第9話 姿
珍しく病院に関係のない客人が来たことに驚きながらも少しうれしく思えたのは一瞬で、まゆと結花の後ろに見えた梅田君の姿が奴と重なって私はまた発作を起こしてしまった。
薄れゆく意識の中で衝撃を受ける三人の少し後ろに酷く苦しそうな虎くんが見えたのは、果たして幻覚だったのか、それとも。
ともかく、嫌な予感は当たってしまった。
(ひびき、マスカットの顔はみた?)
(どんな人だった?)
(詳しく教えろよ、俺結構ファンなんだ)
また、悪夢。
違いは顔が見えること、知っている声だということ、それが同級生だということ。
結花も、まゆも、梅田君も、好奇心しかないような顔で、何が悪いとも分からない無邪気な顔で、私の傷を深く抉る。
(でも、犯罪者に初めてをとられるなんて可哀想)
(傷物にされちゃったんだもんね)
(可哀想だけど、強姦魔に抱かれた奴相手にはしたくないよな。)
変わらず自分の言っていることは何も間違っていないような顔で当然のように言うもんだから『可哀想』の言葉に感情が欠片も覗けなかった。
いよいよ覚める、悪夢から逃れられる、そう期待した私に追い撃ちをかけるように現れたのは、虎くん。
(ごめん、俺知らない奴に抱かれた女とは関わりたくない)
汚らわしいものを見るような目で虎くんはそう吐き捨てて、姿を消した。
私は立ち尽くしてしまって流れる涙を拭えないまま目が覚めるのを待つしかなかった。
夢だと分かっていながらも、受け止める方法が見つからなかったのだ。
やっと目が覚めて、美沙さんの心配そうな顔を見ても空元気すらでなかった。
どうしたって苦しくて仕方がなかった。
その原因は分かっている。
幼稚園より前から一緒だったまゆの言葉でもなければ、五年間聞きなれた結花の声でも、クラスを賑わす梅田君の姿でもない。
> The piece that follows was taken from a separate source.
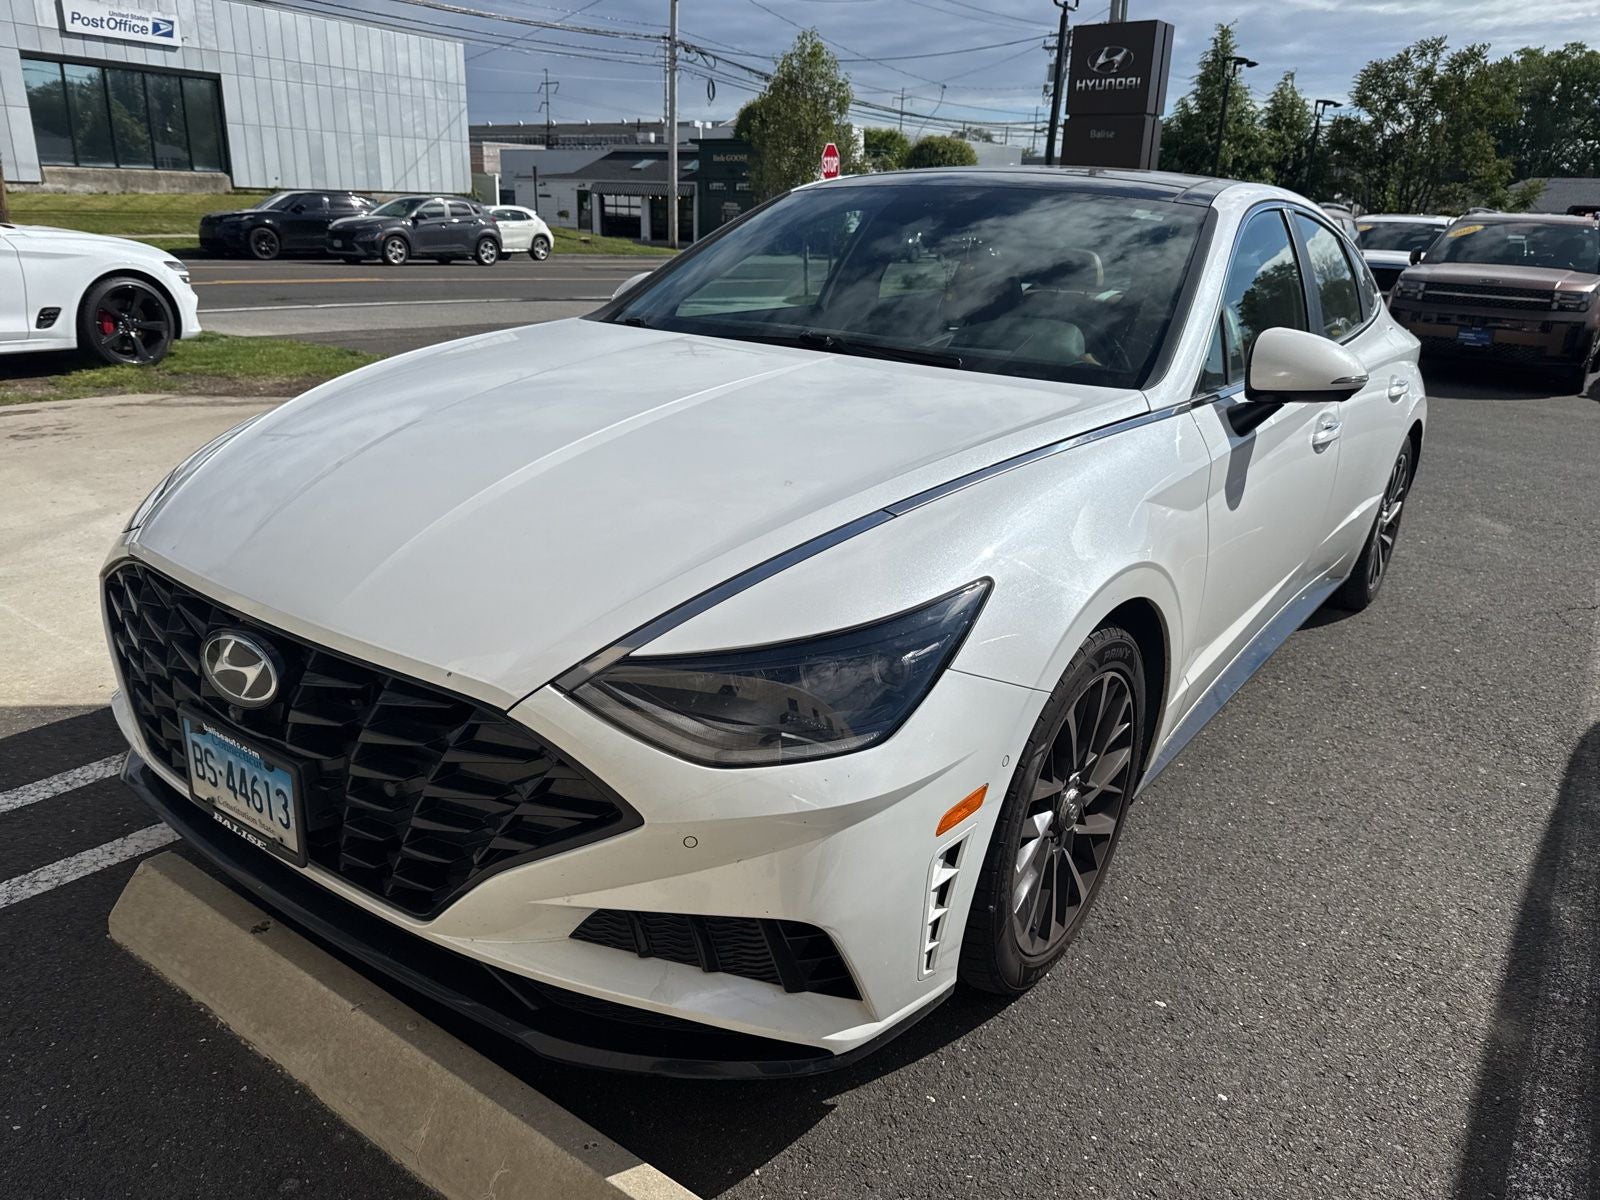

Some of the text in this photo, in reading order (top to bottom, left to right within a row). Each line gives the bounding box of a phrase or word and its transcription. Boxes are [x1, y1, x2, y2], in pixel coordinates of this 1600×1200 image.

初めて会った時小さな頃に遊んでいた男の子と重なった姿で、いつも私を呼んでくれていた声で放たれた言葉だったから、私にはどうやって受け止めればいいのか全く分からなかった。
土方虎丸はあんな目もしなければ、あんな言葉も言わない。言うはずがない。
そんなことは二年間ずっと彼の優しさを受けてきた私が一番分かっているのだ。
分かっているのに、それでも苦しさをごまかせないのは、優しさを受けすぎて勘違いしてしまった私が彼に
恋をしていたから。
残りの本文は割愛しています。